The likely reality is that when a large number of Gentiles became Christian through the the Pauline and other missions,  Gentiles who had had no synagogue  connections previously,  they came to Christian worship and did Christian worship outside the context of Sabbath observance, and this was not critiqued by Paul or his co-workers, only by the Judaizers from Jerusalem.   There is no evidence at all that mixed Jew and Gentile congregations in Ephesus or Corinth or Philippi continued to observe the Sabbath as part of their Christian praxis, though undoubtedly various Jewish Christians and God-fearers probably continued to go to the synagogue.

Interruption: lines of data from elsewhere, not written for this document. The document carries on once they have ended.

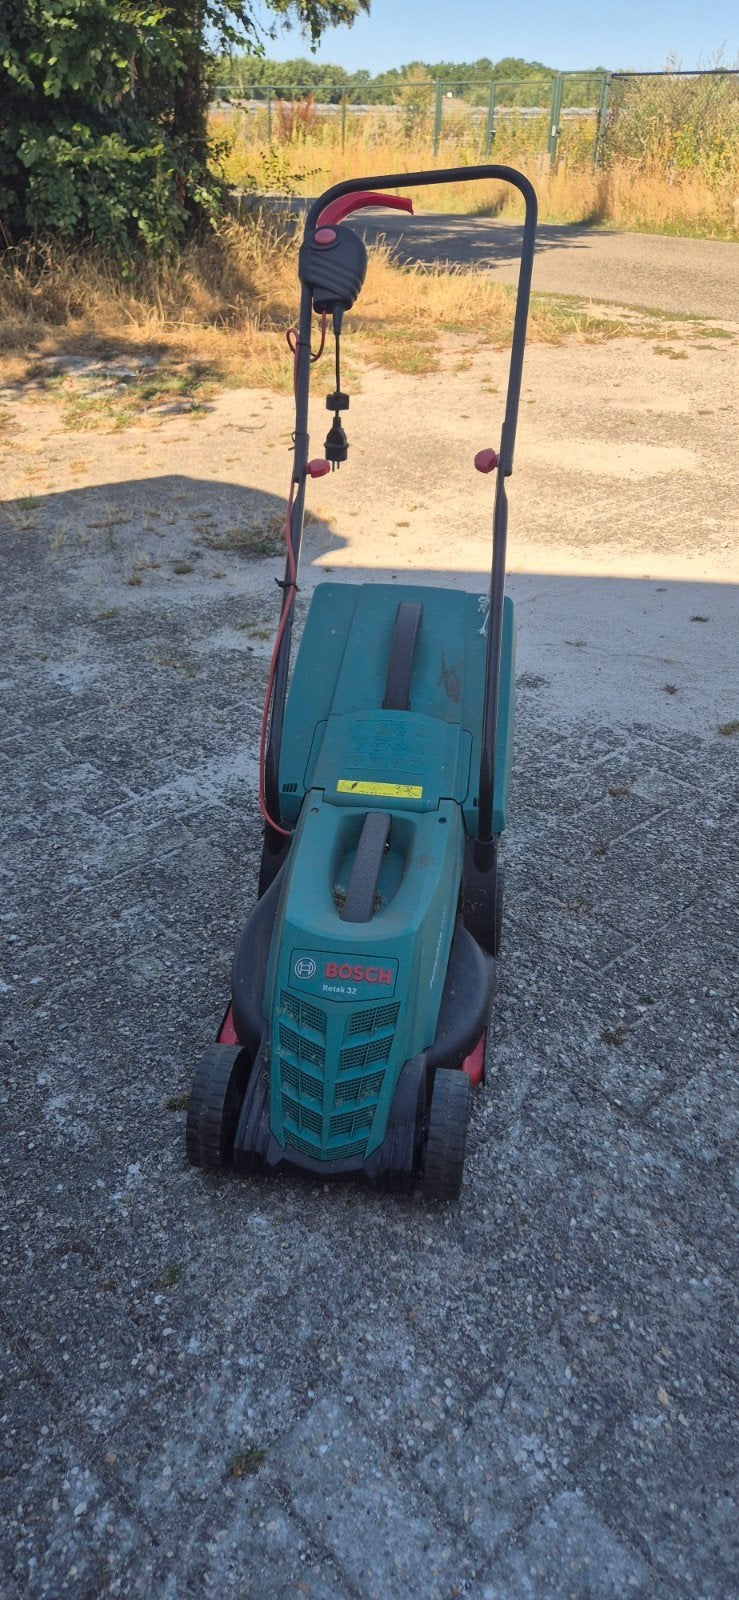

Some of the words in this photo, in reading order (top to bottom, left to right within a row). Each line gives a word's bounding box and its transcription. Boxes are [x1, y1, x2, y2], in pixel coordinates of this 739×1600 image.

[325, 962, 392, 985] BOSCH
[322, 984, 345, 994] Rotak
[346, 986, 357, 995] 32
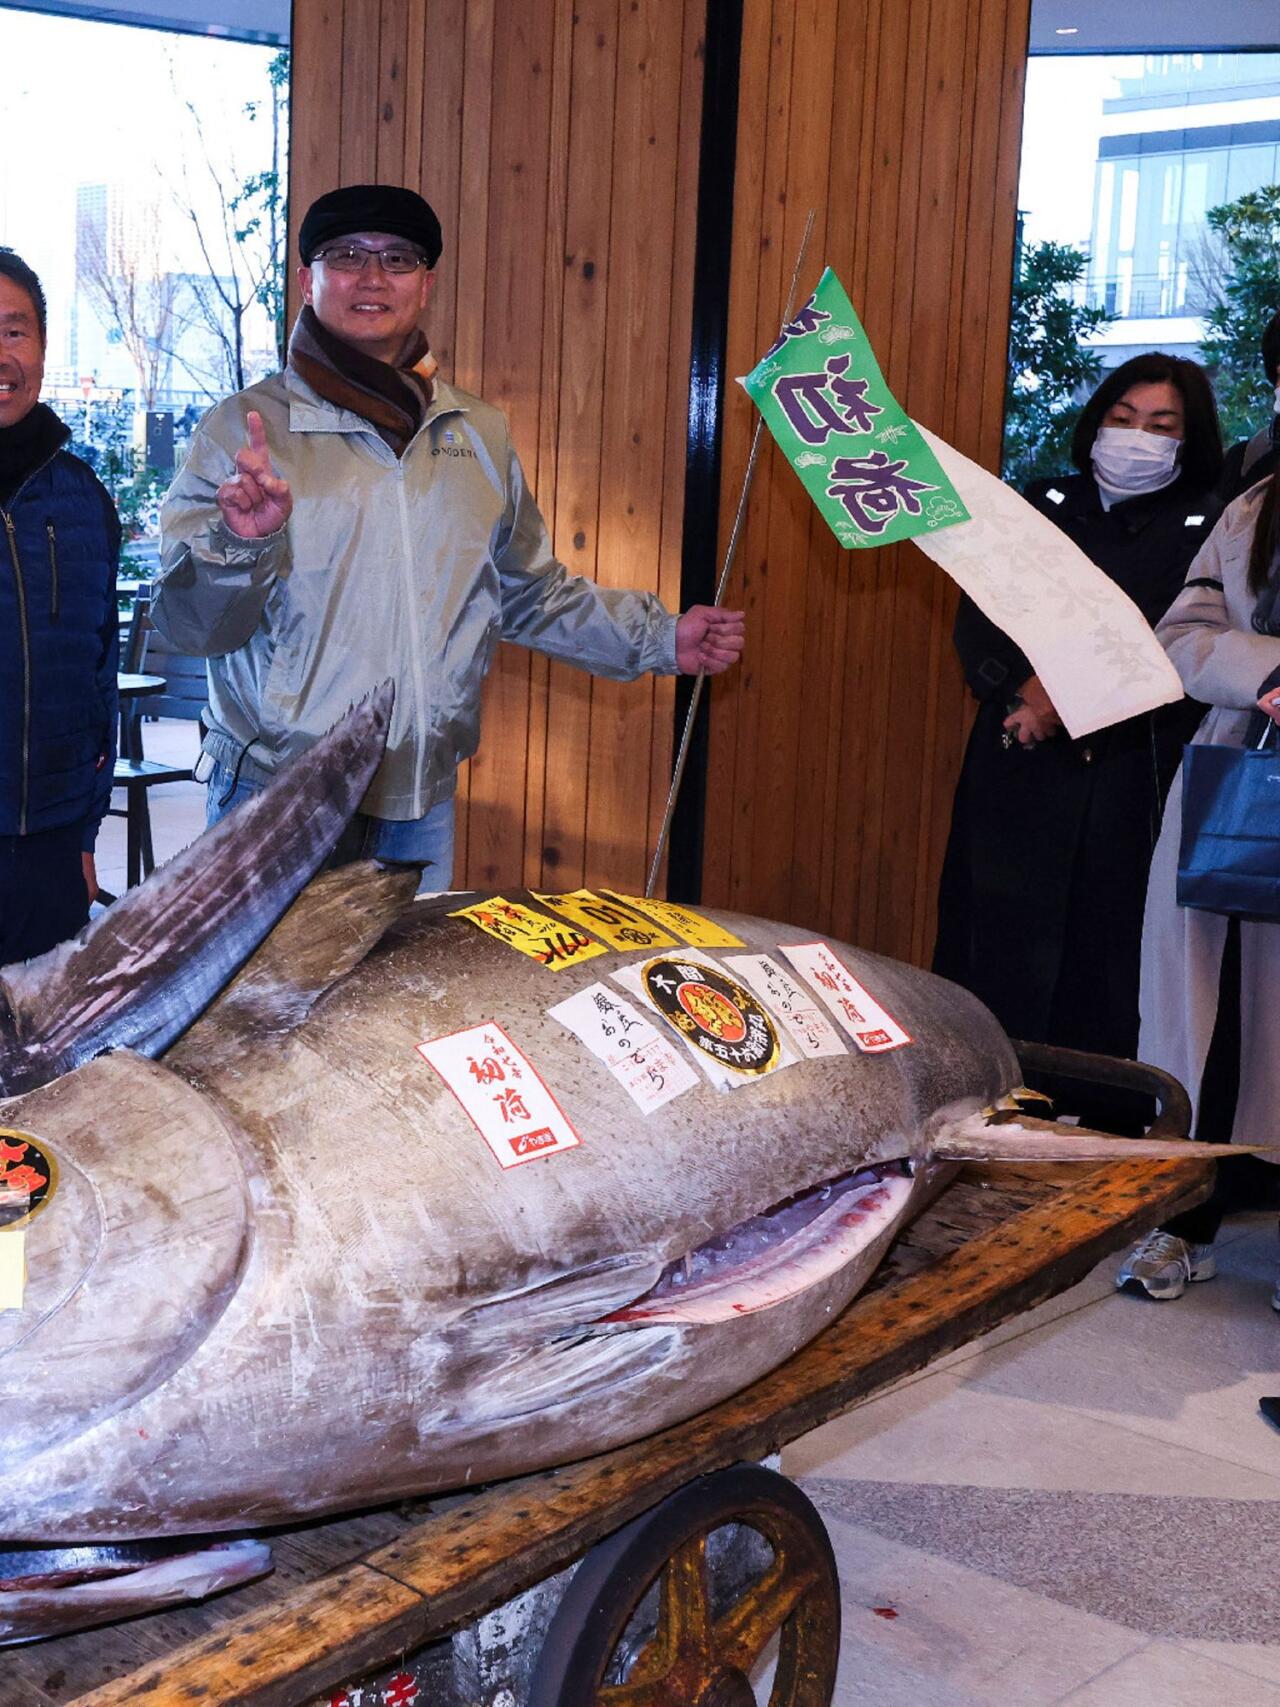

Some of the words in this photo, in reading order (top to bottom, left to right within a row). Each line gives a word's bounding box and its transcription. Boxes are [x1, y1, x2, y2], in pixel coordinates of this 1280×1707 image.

[649, 965, 706, 995] 大間
[809, 966, 867, 1024] 初荷
[601, 1018, 665, 1092] おのでら
[466, 1056, 532, 1123] 初荷
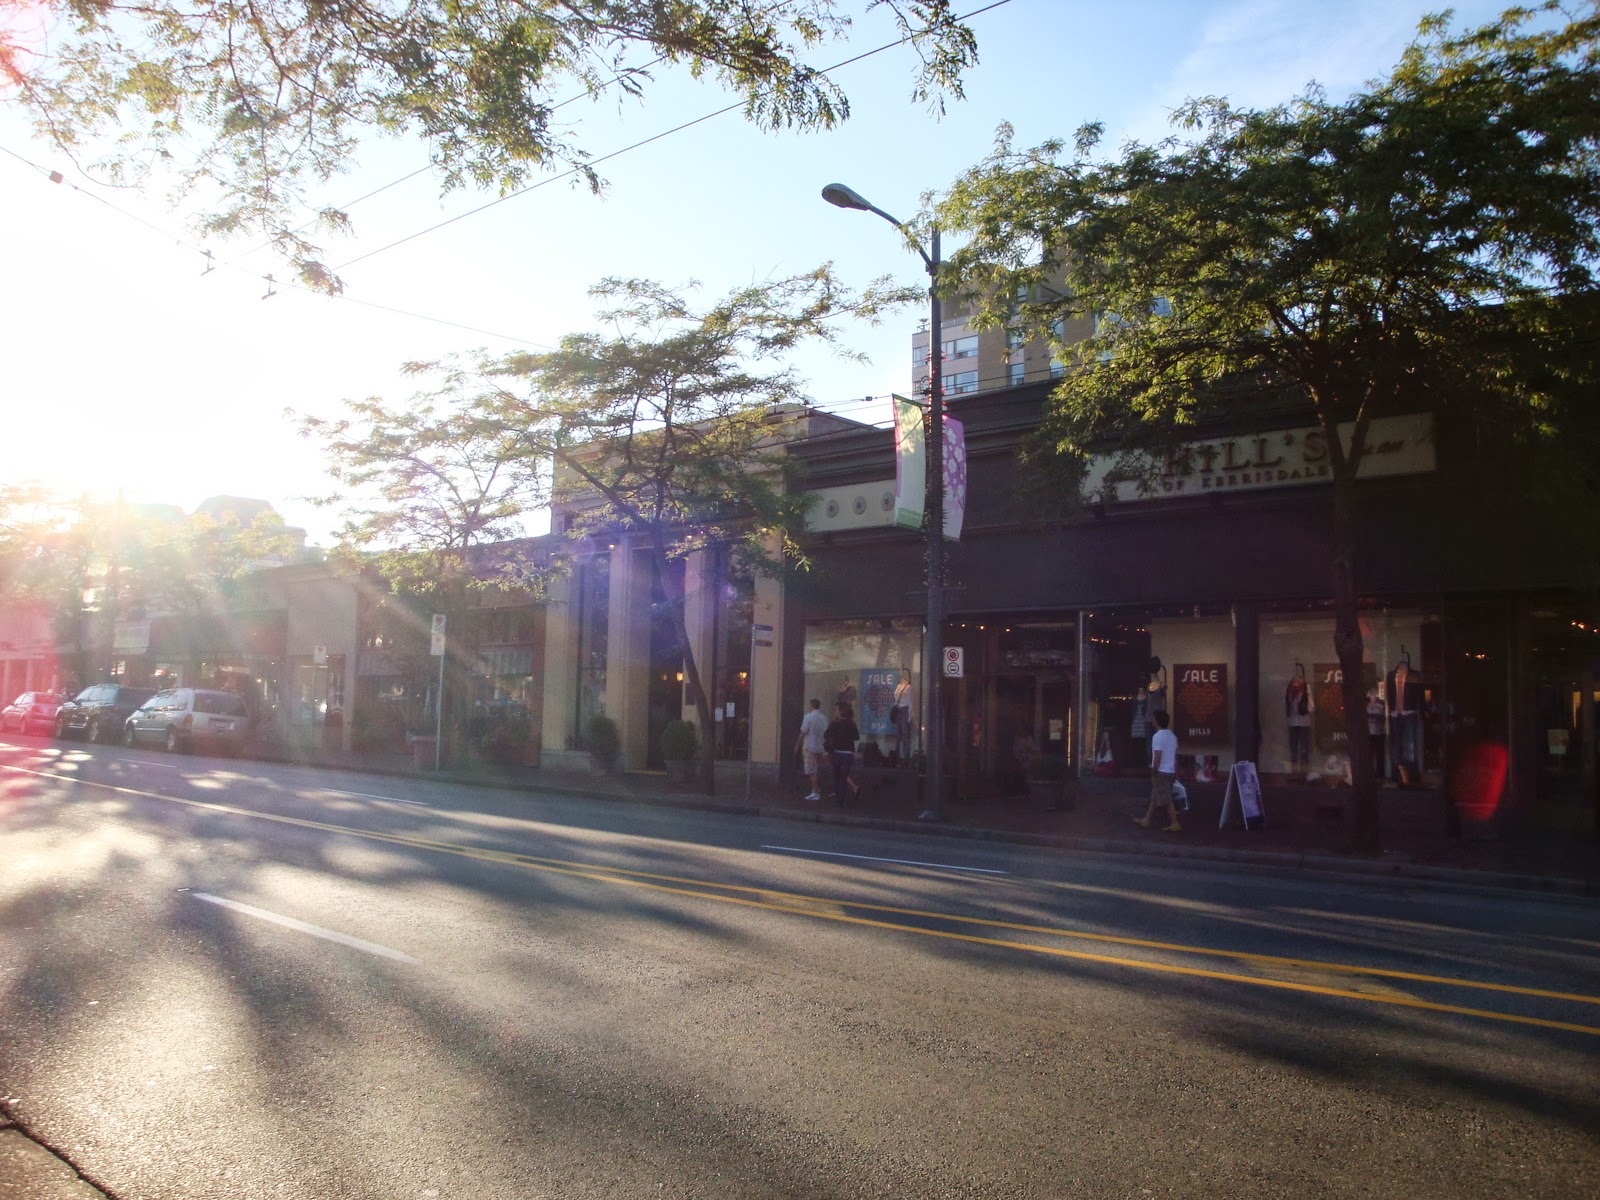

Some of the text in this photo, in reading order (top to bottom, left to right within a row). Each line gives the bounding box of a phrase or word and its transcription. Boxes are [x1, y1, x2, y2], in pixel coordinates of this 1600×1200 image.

[1161, 433, 1327, 477] HILL'S
[1202, 466, 1329, 489] KERRISDALE
[867, 674, 893, 685] SALE
[1182, 669, 1218, 683] SALE
[1324, 670, 1343, 683] SA

Tonstad, in Chapter 17  (pp. 316ff)  suggests that anti-Judaism must be put down as a main reason for the eclipse of Sabbath praxis amongst Christians, but another is Hellenism, more particularly Platonism with its devaluation of the material world, the human body which is seen as a prison house of the immortal soul, and so on.   The early church imbibes and adopts a Platonic world view without seeing its incapability with a Biblical doctrine of the goodness of creation, of matter, of bodies, of resurrection.   The revised Platonic Gospel promises escape from creation into a disembodied heaven not the transformation of creation.   On these terms, it is hard to explain why highly Hellenized Diaspora Jews would continue to observe a Sabbath, continue to affirm the body, bodily life, and even a doctrine of resurrection as a litmus test of sorts after A.D. 70.   The answer is that a theology of Sabbath is not the same as a theology of creation, though the former is linked to, and to some extent grounded in the latter.  One can have a perfectly robust theology of Sabbath keeping, and a deficient theology of creation, or a robust creation theology, with no theology of Sabbath at all, as Genesis as a whole does not affirm much less mandate Sabbath keeping, and Gen. 2.1-3 doesn’t say God instructed his human creatures to do so.

A theology that sees no immortal virtue in the body is a theology that can justify its neglect or abuse. And Tonstad suggests that Platonic medieval Christianity aided and abetted things like the Black Plague because medicinal research was not seen as essential to life or very important and studying the human body itself was seen as a sacrilege. (pp. 332-338). “The medieval idea of the body and the earth had a paralyzing impact because it did not offer any incentive to improve people’s lot in this life”  (p. 336).

P. 342ff.  presents us with a test case of Tertullian who is seen as a rare exception—a theologian who was earth and body affirming, though he never lifted a finger on behalf of the Sabbath.  He was anti-Greek philosophy and its body soul dualism. He even affirmed a material soul.